VAST Data’s competitors in the storage infrastructure business include companies like Dell EMC, IBM, and Pure Storage. With its new AI enhancements, VAST aims to compete in the larger market for decentralized cloud database services offered by companies like Snowflake and Databricks, as well as the emerging market for data stores used in training AI-based Large Language Models (LLMs).

Early customers of VAST include NVIDIA, which is using the technology to build data infrastructures for AI supercomputers, and Pixar, which has adopted the architecture for storing 3D assets and training algorithms to improve movie production processes.

VAST’s innovation lies in its approach to SSDs. Unlike traditional hard drives that sort data into larger blocks, VAST breaks the data into smaller 2-bit blocks. This allows for more efficient duplicate data identification and compression, resulting in a four-fold increase in compression ratio compared to larger block sizes.

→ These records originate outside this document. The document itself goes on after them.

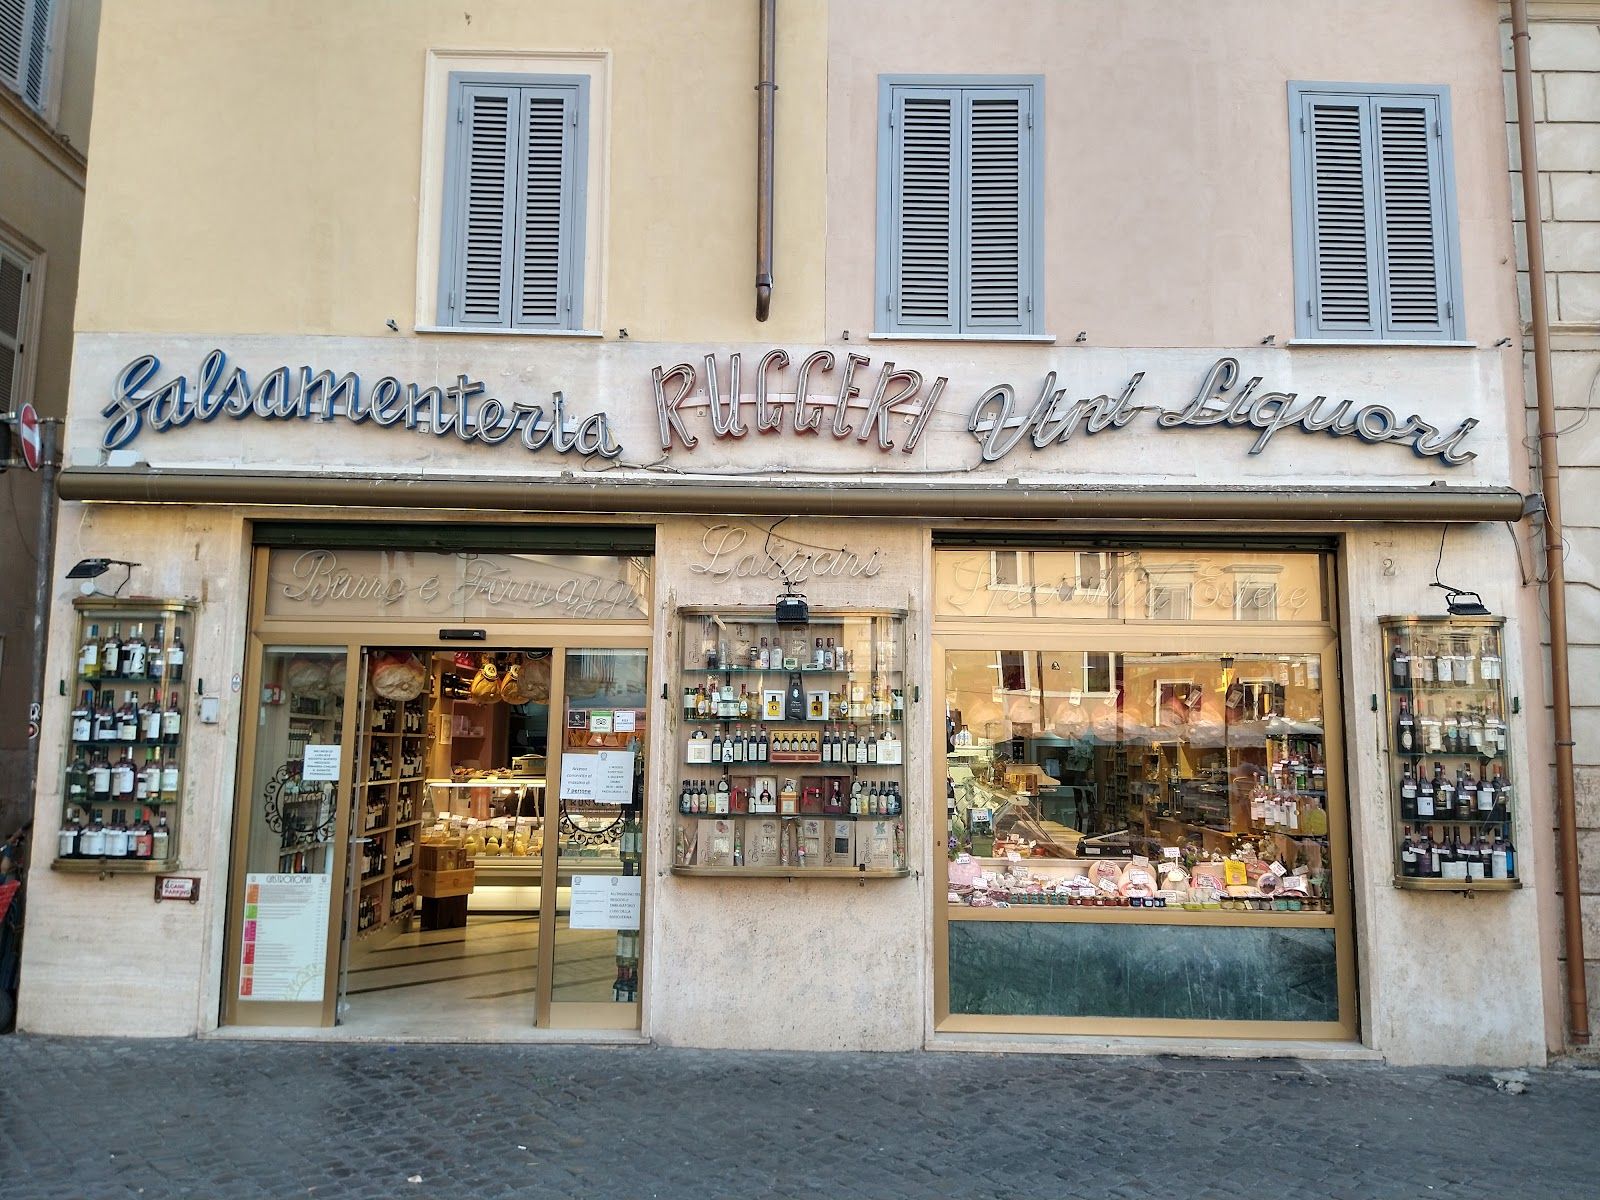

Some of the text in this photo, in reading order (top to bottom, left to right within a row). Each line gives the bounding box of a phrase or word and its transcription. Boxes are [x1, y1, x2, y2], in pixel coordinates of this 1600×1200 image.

[101, 349, 622, 458] Salsamenteria
[651, 348, 948, 454] RUGGERI
[968, 357, 1478, 467] Vini Liquori
[283, 549, 639, 617] Burro e Formaggi
[1383, 558, 1395, 576] 2

While SSD drive costs are still higher than traditional hard disk drives (HDDs), VAST’s similarity reduction technique enables enterprises to leverage SSD performance at cost parity. This eliminates the need for multiple storage tiers to organize large data sets, as well as the trade-off between price and performance.

The decentralized AI infrastructure provided by VAST also addresses the challenge of sharing data across distributed systems. Transaction databases, in particular, require ACID transactions for atomicity, consistency, isolation, and durability. VAST’s approach allows for scalability and cost efficiency without sacrificing transaction reliability.

By using the NVMe over fabric interface standard, VAST organizes commodity machines in a way that enables all CPUs to access the data on the SSDs concurrently, bypassing the need for constant intercommunication. This enables a decentralized global namespace and empowers enterprises to build systems that run functions on any node with access to all the data.

VAST’s decentralized AI infrastructure promises to create a coherent ecosystem where processes for managing transactions, analytics, and AI development can be connected. Data scientists can train algorithms on versioned similarity-reduced replications of live transaction and IoT data without impacting the system of record.

In conclusion, VAST Data’s decentralized AI infrastructure built on decentralized data stores provides a novel solution for scaling AI infrastructure while optimizing data storage and management. This approach offers cost efficiency, data residency compliance, and improved performance for enterprises across various industries.